Uma comédia satírica de 2004, intitulada A Day Without a Mexican, mostrou uma cena em que californianos corriam assustados pelas ruas depois que as cozinheiras, babás e jardineiros haviam desaparecido sem deixar vestígios. Mas ambientado no cenário atual dos Estados Unidos o filme seria um drama. Se 57 milhões de hispânicos desaparecessem, os playgrounds das escolas públicas teriam menos uma criança entre quatro e os empregadores do Alasca ao Alabama teriam dificuldade de manter seus negócios abertos. Pense na cena em meados do século, quando a população latina irá mais uma vez duplicar.

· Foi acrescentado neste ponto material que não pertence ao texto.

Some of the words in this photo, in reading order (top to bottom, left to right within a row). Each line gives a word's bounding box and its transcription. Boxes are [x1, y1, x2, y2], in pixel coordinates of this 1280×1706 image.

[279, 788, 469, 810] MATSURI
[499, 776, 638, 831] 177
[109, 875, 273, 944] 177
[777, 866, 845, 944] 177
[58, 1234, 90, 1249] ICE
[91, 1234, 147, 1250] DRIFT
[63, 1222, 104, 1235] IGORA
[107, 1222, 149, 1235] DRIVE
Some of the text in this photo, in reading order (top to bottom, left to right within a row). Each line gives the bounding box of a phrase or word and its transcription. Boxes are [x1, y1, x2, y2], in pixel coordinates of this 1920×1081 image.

Durante quase dois séculos depois da fundação dos EUA, mais de 80% de seus cidadãos eram brancos de descendência europeia. Hoje, os brancos não hispânicos representam apenas dois terços da população. E eles serão uma minoria em 2044. Uma revolução demográfica está em curso. Mas o pânico de alguns políticos em relação à imigração e aos interesses nacionais reflete uma visão errônea do cenário político e socioeconômico do país. Os Estados Unidos precisam dos latinos. É preciso ajudá-los a realizar seu potencial, porque eles serão uma das forças motrizes que impulsionarão o desenvolvimento do país.

O crescimento recente da população hispânica foi consequência de um aumento de natalidade e não de novos imigrantes. Mesmo se o país fechasse suas fronteiras e deportasse os imigrantes ilegais, um ato cruel, além de impossível, 48 milhões de residentes hispânicos em situação legal continuariam a viver nos EUA. O crescimento da população latina não seria interrompido.

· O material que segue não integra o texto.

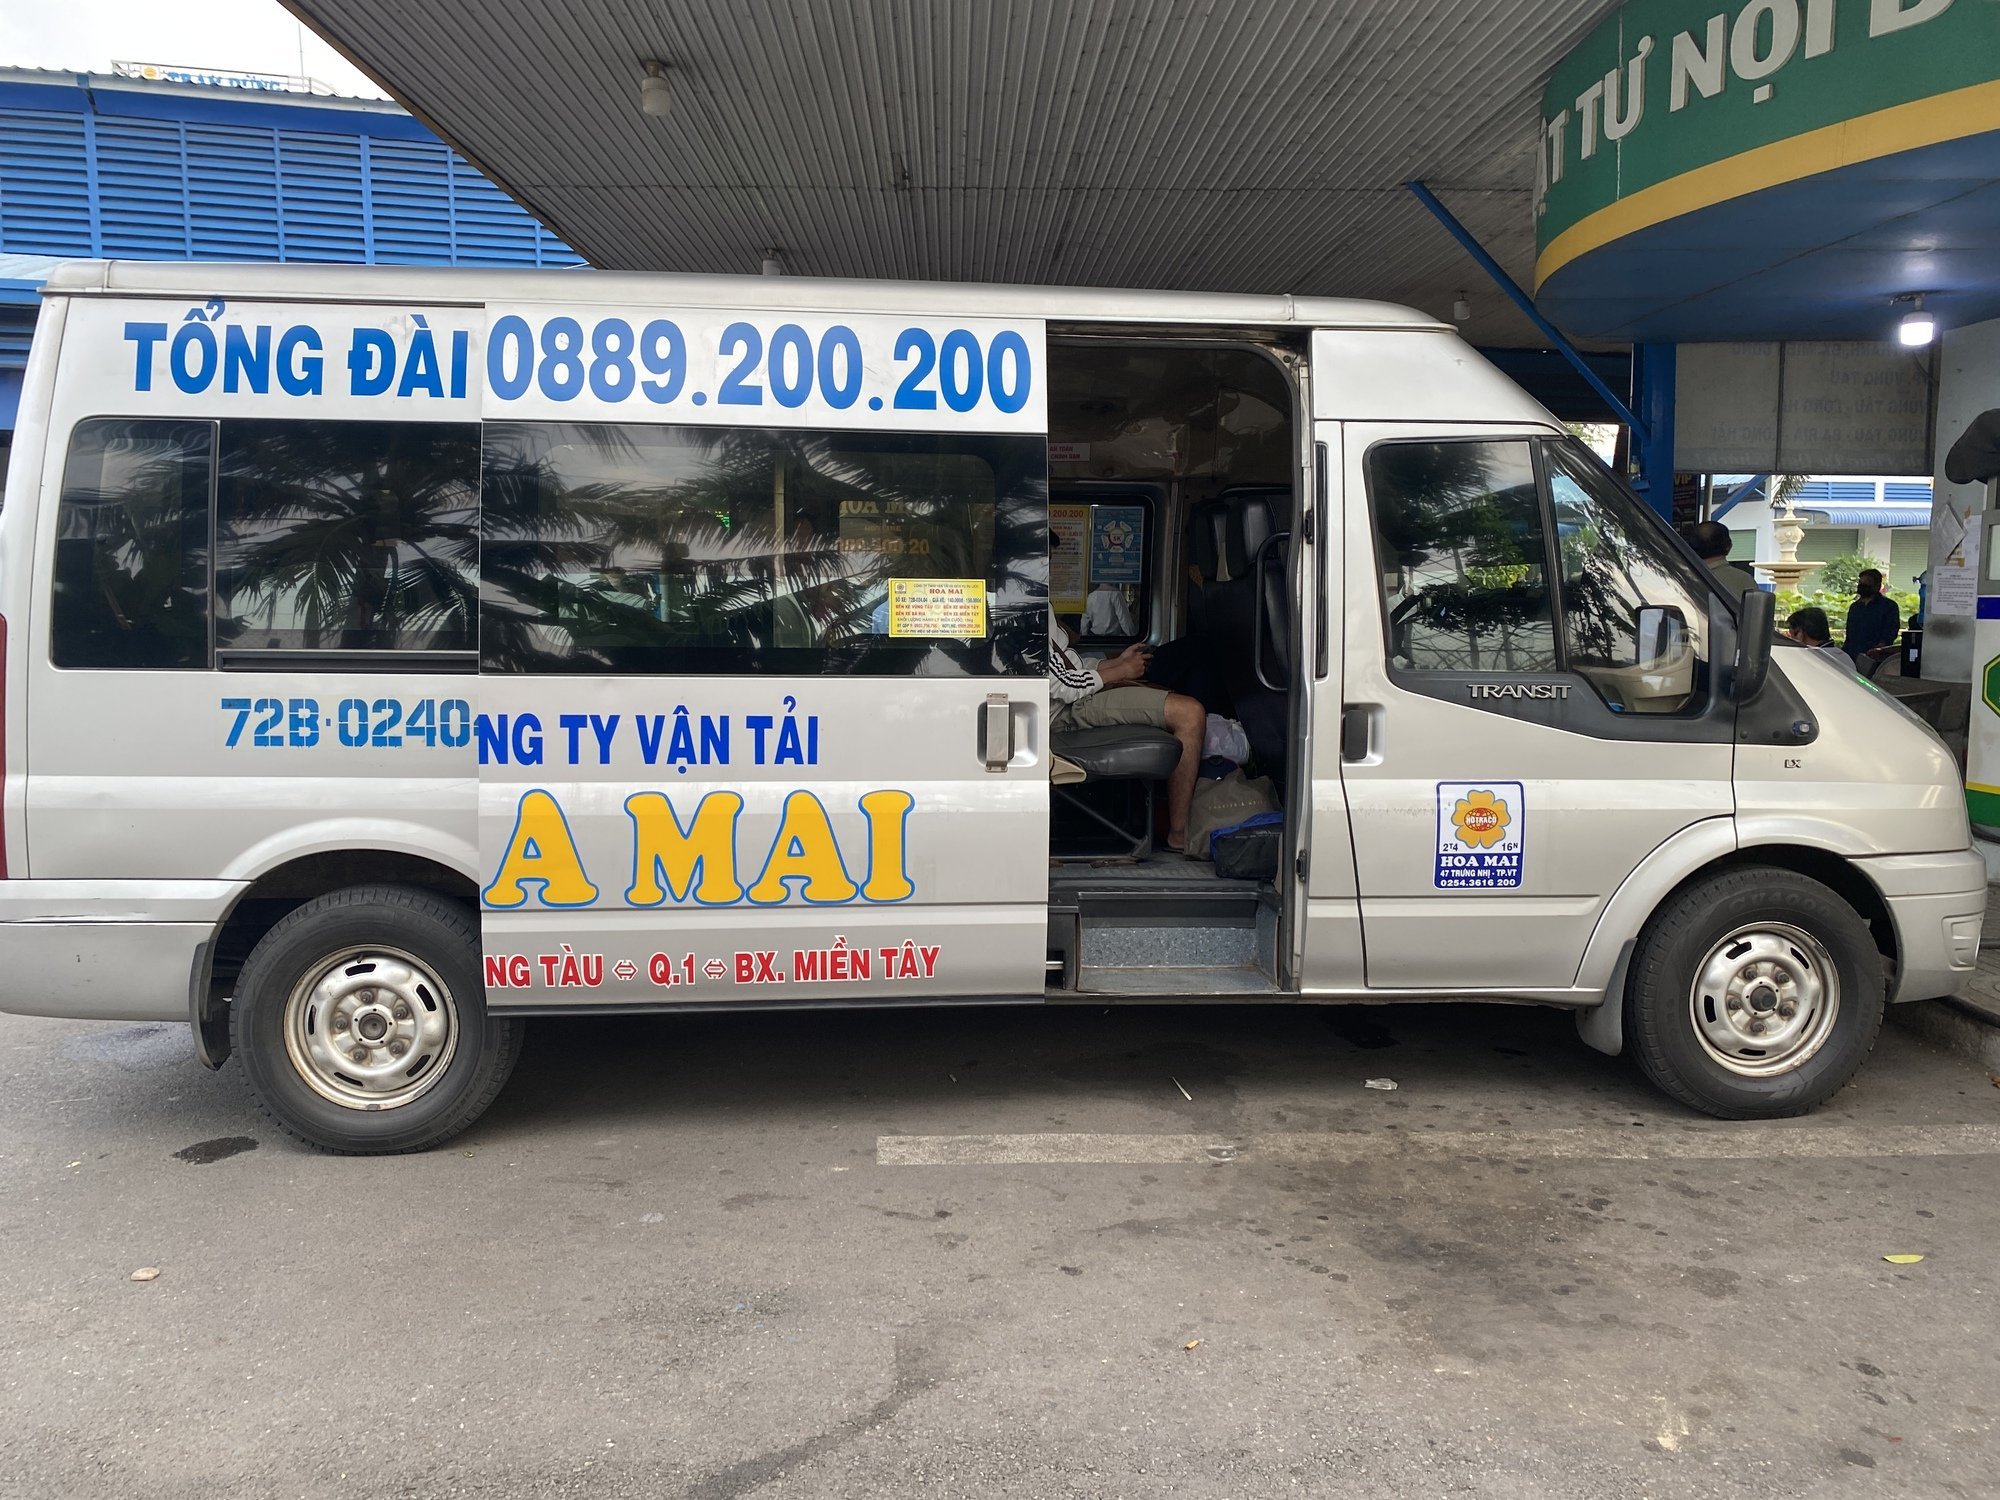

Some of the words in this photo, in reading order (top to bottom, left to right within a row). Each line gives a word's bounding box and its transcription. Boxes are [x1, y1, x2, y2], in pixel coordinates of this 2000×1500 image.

[1576, 35, 1654, 160] TƯ
[125, 295, 323, 395] TỔNG
[348, 314, 468, 398] ĐÀI
[486, 314, 1032, 415] 0889.200.200
[1467, 684, 1572, 699] TRANSIT
[478, 713, 543, 765] NG
[560, 714, 620, 765] TY
[635, 705, 730, 774] VẬN
[746, 695, 818, 765] TẢI
[1784, 758, 1801, 769] LX
[1465, 816, 1497, 824] HOTRACO
[481, 788, 600, 908] A
[624, 789, 915, 908] MAI
[1440, 855, 1479, 867] HOA
[1483, 855, 1518, 867] MAI
[1440, 869, 1449, 877] 47
[1477, 869, 1491, 878] NHỊ
[1496, 869, 1517, 877] TP.VT
[1440, 879, 1494, 887] 0254.3616
[1496, 879, 1516, 887] 200
[484, 954, 532, 989] NG
[538, 943, 604, 988] TÀU
[648, 951, 696, 989] Q.1
[734, 950, 785, 985] BX.
[794, 935, 872, 984] MIỀN
[879, 938, 942, 980] TÂY
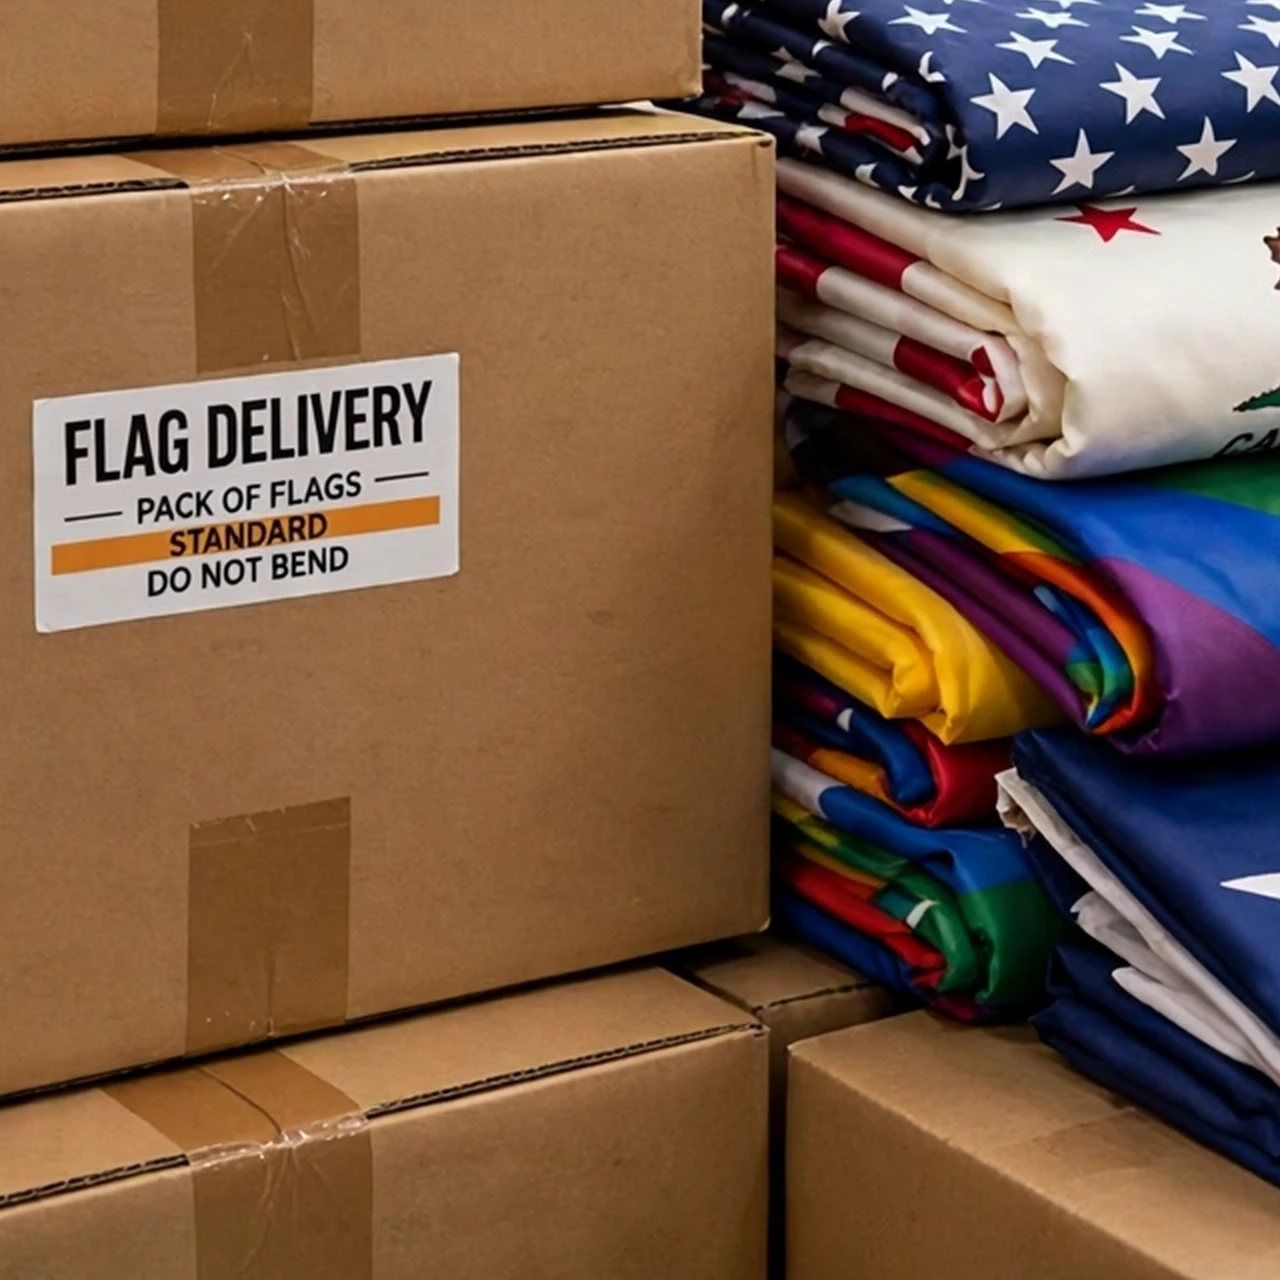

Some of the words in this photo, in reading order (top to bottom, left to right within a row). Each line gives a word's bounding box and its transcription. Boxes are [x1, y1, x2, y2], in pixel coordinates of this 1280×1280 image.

Da Europa ao nordeste da Ásia, o século XXI corre o risco de ser um período de pessoas idosas, crescimento lento e difícil, e uma política retraída. Exércitos cada vez maiores de idosos lutarão para defender suas pensões e outros serviços públicos. Da data atual a meados do século, a idade média da população da Alemanha será de 52 anos. O crescimento demográfico da China ficará estagnado e depois cairá; a mão de obra chinesa já está diminuindo. Mas não nos Estados Unidos. Em 2050 a idade média dos americanos será de apenas 41 anos e sua população continuará a crescer. E os hispânicos exercerão um papel vital nesse dinamismo do país.

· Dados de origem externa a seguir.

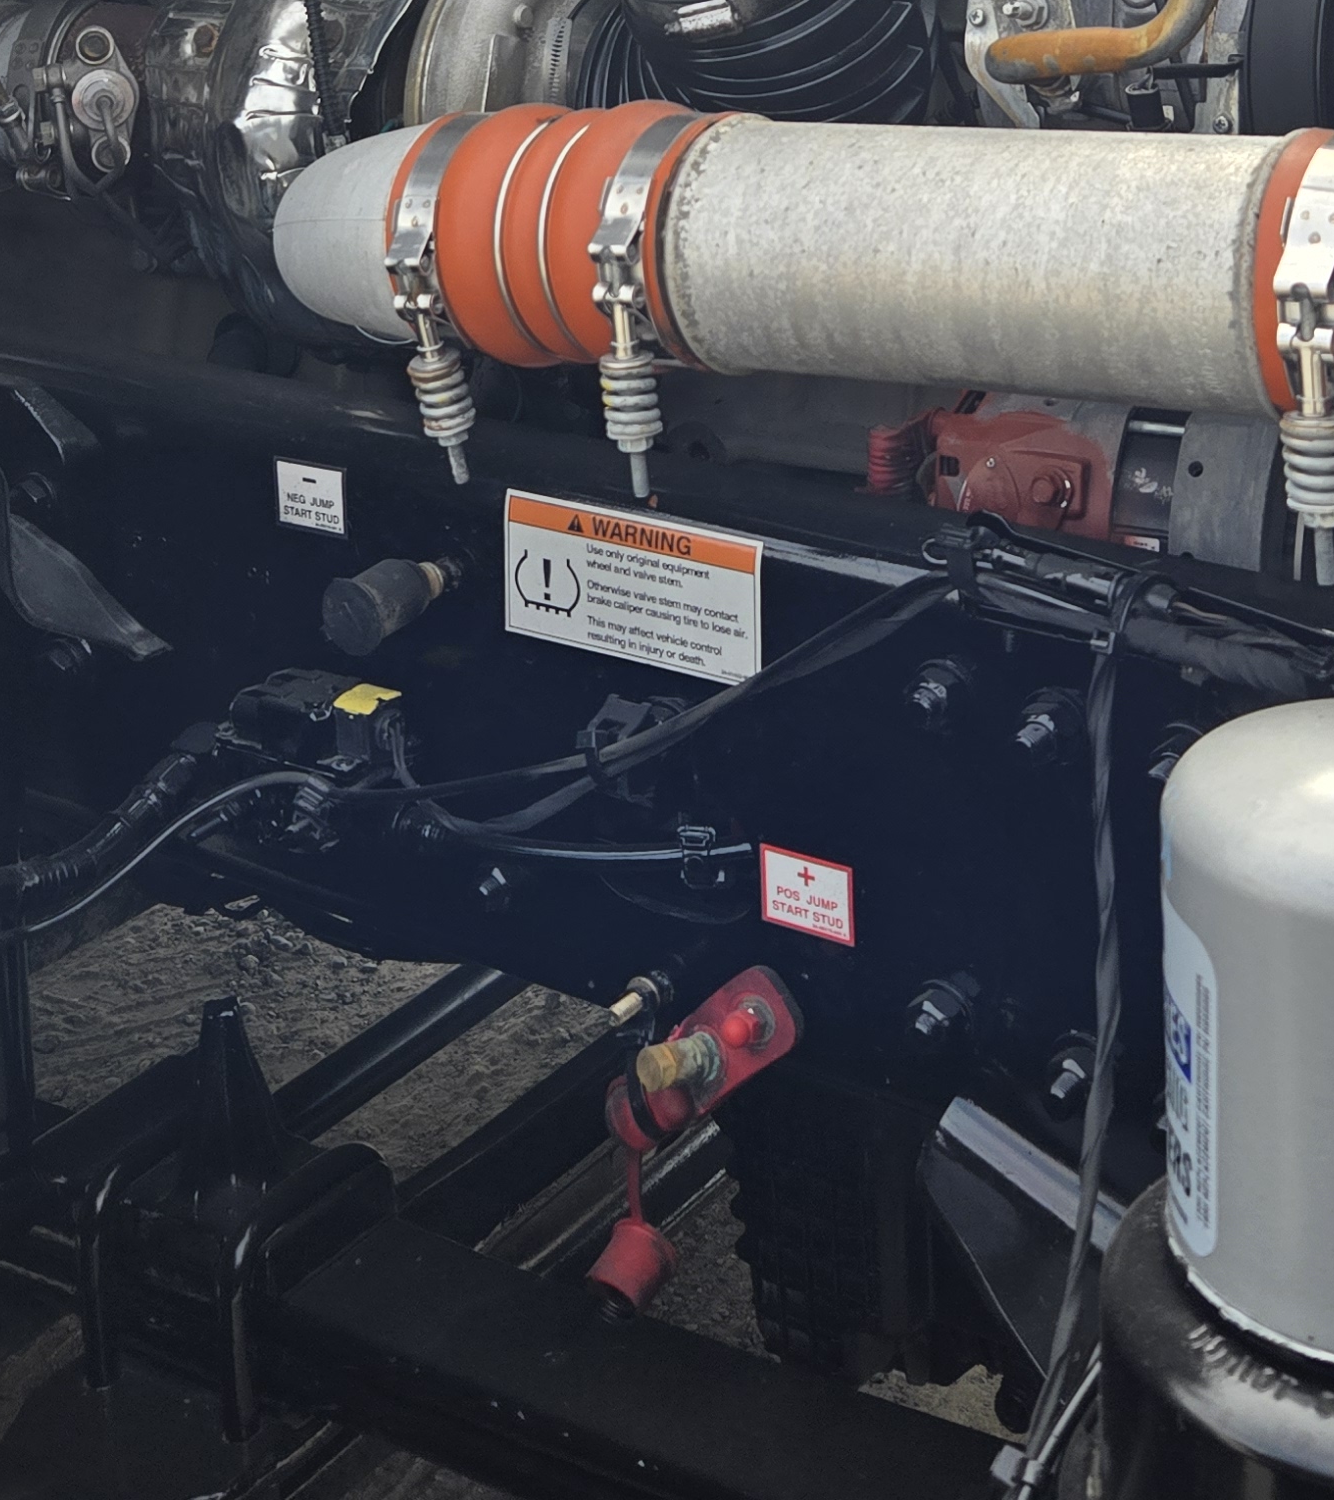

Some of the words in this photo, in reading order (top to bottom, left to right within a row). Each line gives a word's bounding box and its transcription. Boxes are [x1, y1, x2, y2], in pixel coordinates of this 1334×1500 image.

[283, 505, 312, 519] START
[315, 511, 340, 525] STUD
[287, 492, 306, 504] NEG
[310, 497, 334, 510] JUMP
[592, 515, 692, 556] WARNING
[586, 543, 604, 555] Use
[605, 547, 625, 563] only
[627, 551, 660, 570] original
[662, 560, 710, 581] equipment
[586, 560, 612, 573] wheel
[613, 564, 631, 576] and
[633, 569, 657, 582] valve
[658, 575, 683, 589] stem.
[587, 579, 631, 599] Otherwise
[633, 589, 657, 602] valve
[658, 596, 682, 609] stem
[683, 603, 703, 617] may
[704, 605, 739, 623] contact
[587, 593, 612, 607] brake
[613, 598, 643, 616] caliper
[645, 607, 681, 626] causing
[683, 613, 698, 627] tire
[700, 618, 710, 629] to
[712, 619, 731, 635] lose
[733, 626, 748, 639] air.
[587, 615, 606, 630] This
[607, 621, 627, 635] may
[629, 623, 654, 640] affect
[656, 631, 688, 649] vehicle
[690, 639, 722, 656] control
[587, 631, 626, 649] resulting
[628, 639, 637, 650] in
[639, 641, 664, 658] injury
[666, 649, 676, 658] or
[678, 652, 706, 667] death.
[772, 900, 809, 919] START
[812, 912, 843, 929] STUD
[777, 886, 800, 902] POS
[806, 895, 838, 911] JUMP

Por um acaso extraordinariamente feliz os EUA têm uma dose extraordinária de juventude e energia em meio à sua população, ao contrário de seus competidores globais com pessoas já de cabelos grisalhos.

Para tirar o melhor proveito dessa conjuntura tão favorável será preciso agir com pragmatismo e determinação. Se os Estados Unidos seguirem o caminho certo, o país terá muito a ensinar ao mundo.

 

 

Fontes:
Economist-How to fire up America

2 Opiniões

  1. André Luiz D. Queiroz disse:

    Roberto1776,
    Não concordo com sua argumentação. Não se trata de “disputa de classes” entre as populações WASP e hispânica nos Estados Unidos. O que o artigo expõe é a projeção de que a população hispânica vai crescer mais nos EUA, e que essa população responderá por boa parte da oferta de mão de obra jovem para a indústria americana, enquanto outros tantos países enfrentam o risco de um sério déficit populacional na faixa etária economicamente ativa para trabalhar no “chão de fábrica”. Não interessa quantos prêmios Nobel essa ou aquela população/etnia tenha pra mostrar.
    Crescimento desordenado certamente traz um bocado de problemas socioeconômicos, mas, fazer o quê? Controle de natalidade compulsório, como já feito na Índia e China (e que deram com os burros n’água?…) O melhor que se pode fazer, acredito, é garantir educação de qualidade para essas novas gerações que virão, não interessa qual sua origem étnica. Baixa escolaridade realmente limita a produtividade, desde o operário até o cientista.
    Abraços!

  2. Roberto1776 disse:

    Todo esse crescimento não se sustenta a longo prazo, de jeito nenhum.
    Além disso, os americanos WASP sabem muito bem que tamanho (da população) não é documento.
    Basta olhar para o país com mais prêmios NOBEL por km quadrado de área, Israel.
    Isso sem mencionar que crescimento desordenado é coisa ligada a CÂNCER.